** TASK ITEM **
Restate all entries exactly. Skip the images.

** RECORDS FOR THE EXERCISE **
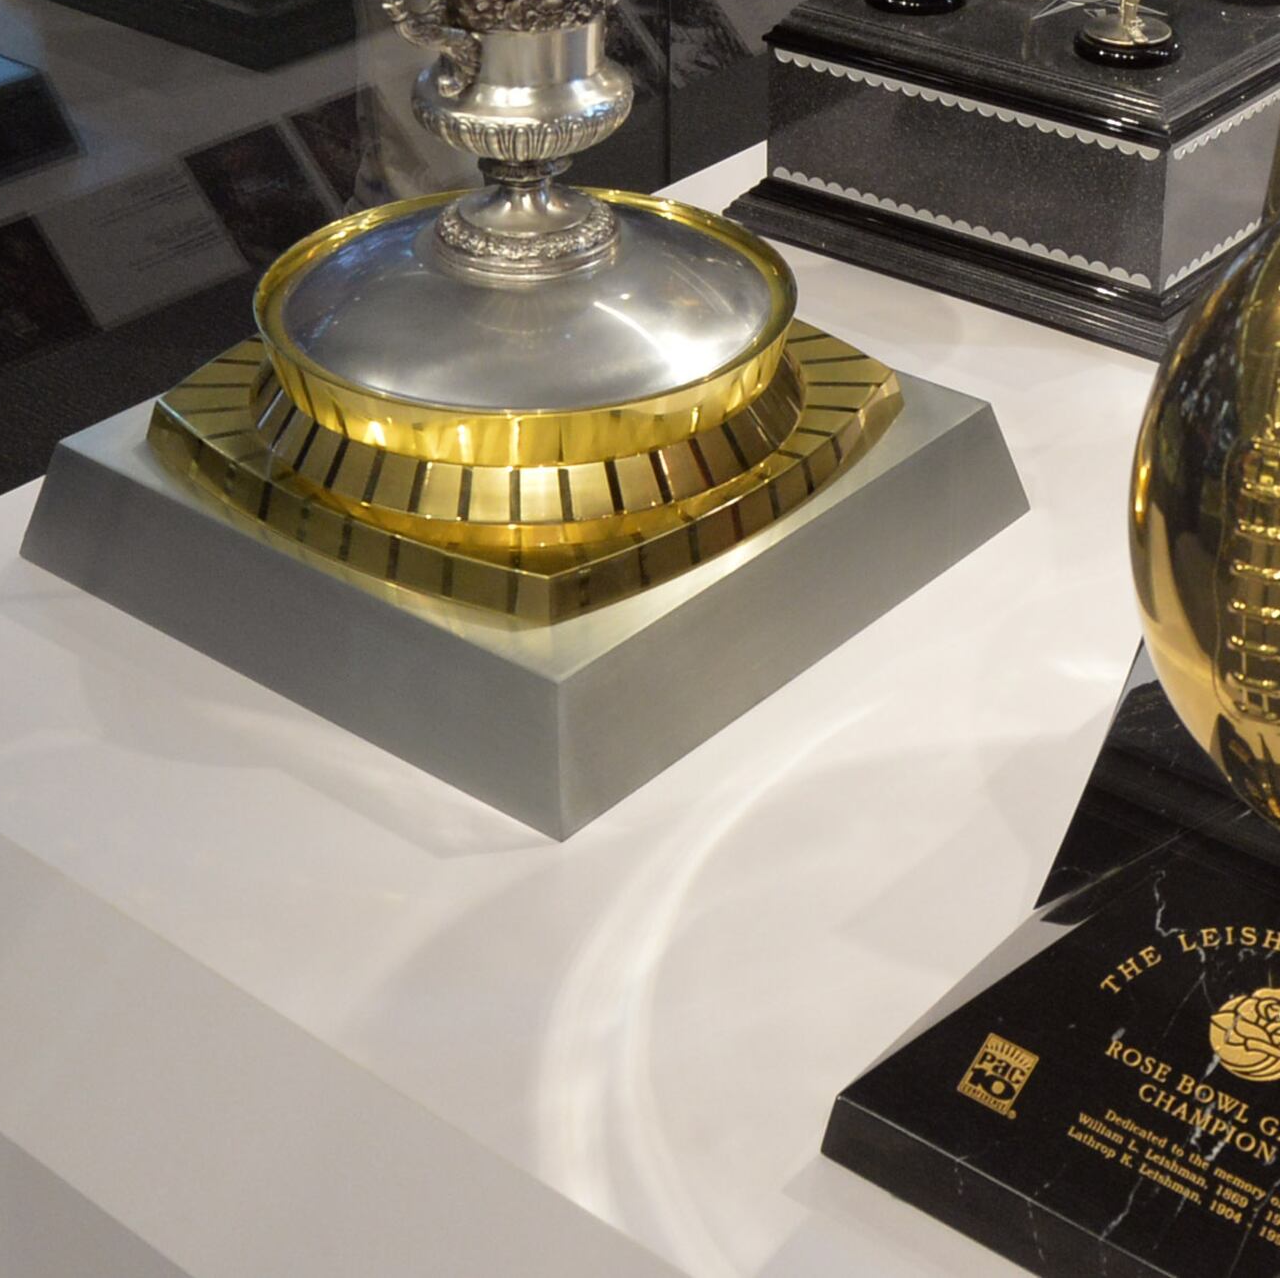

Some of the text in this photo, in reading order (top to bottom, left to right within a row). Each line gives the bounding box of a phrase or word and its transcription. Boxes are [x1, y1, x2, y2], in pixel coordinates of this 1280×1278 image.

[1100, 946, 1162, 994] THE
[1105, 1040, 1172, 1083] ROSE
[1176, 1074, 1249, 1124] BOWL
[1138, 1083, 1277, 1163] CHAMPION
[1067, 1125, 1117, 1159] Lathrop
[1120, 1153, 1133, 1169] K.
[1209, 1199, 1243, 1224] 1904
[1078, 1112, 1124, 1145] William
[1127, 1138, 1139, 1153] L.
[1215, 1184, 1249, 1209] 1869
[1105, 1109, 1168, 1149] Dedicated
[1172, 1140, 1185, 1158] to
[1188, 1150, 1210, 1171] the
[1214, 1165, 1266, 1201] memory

** EXERCISE RESULT **
Some of the text in this photo, in reading order (top to bottom, left to right within a row). Each line gives the bounding box of a phrase or word and its transcription. Boxes are [x1, y1, x2, y2], in pixel coordinates of this 1280×1278 image.

[1100, 946, 1162, 994] THE
[1105, 1040, 1172, 1083] ROSE
[1176, 1074, 1249, 1124] BOWL
[1138, 1083, 1277, 1163] CHAMPION
[1067, 1125, 1117, 1159] Lathrop
[1120, 1153, 1133, 1169] K.
[1209, 1199, 1243, 1224] 1904
[1078, 1112, 1124, 1145] William
[1127, 1138, 1139, 1153] L.
[1215, 1184, 1249, 1209] 1869
[1105, 1109, 1168, 1149] Dedicated
[1172, 1140, 1185, 1158] to
[1188, 1150, 1210, 1171] the
[1214, 1165, 1266, 1201] memory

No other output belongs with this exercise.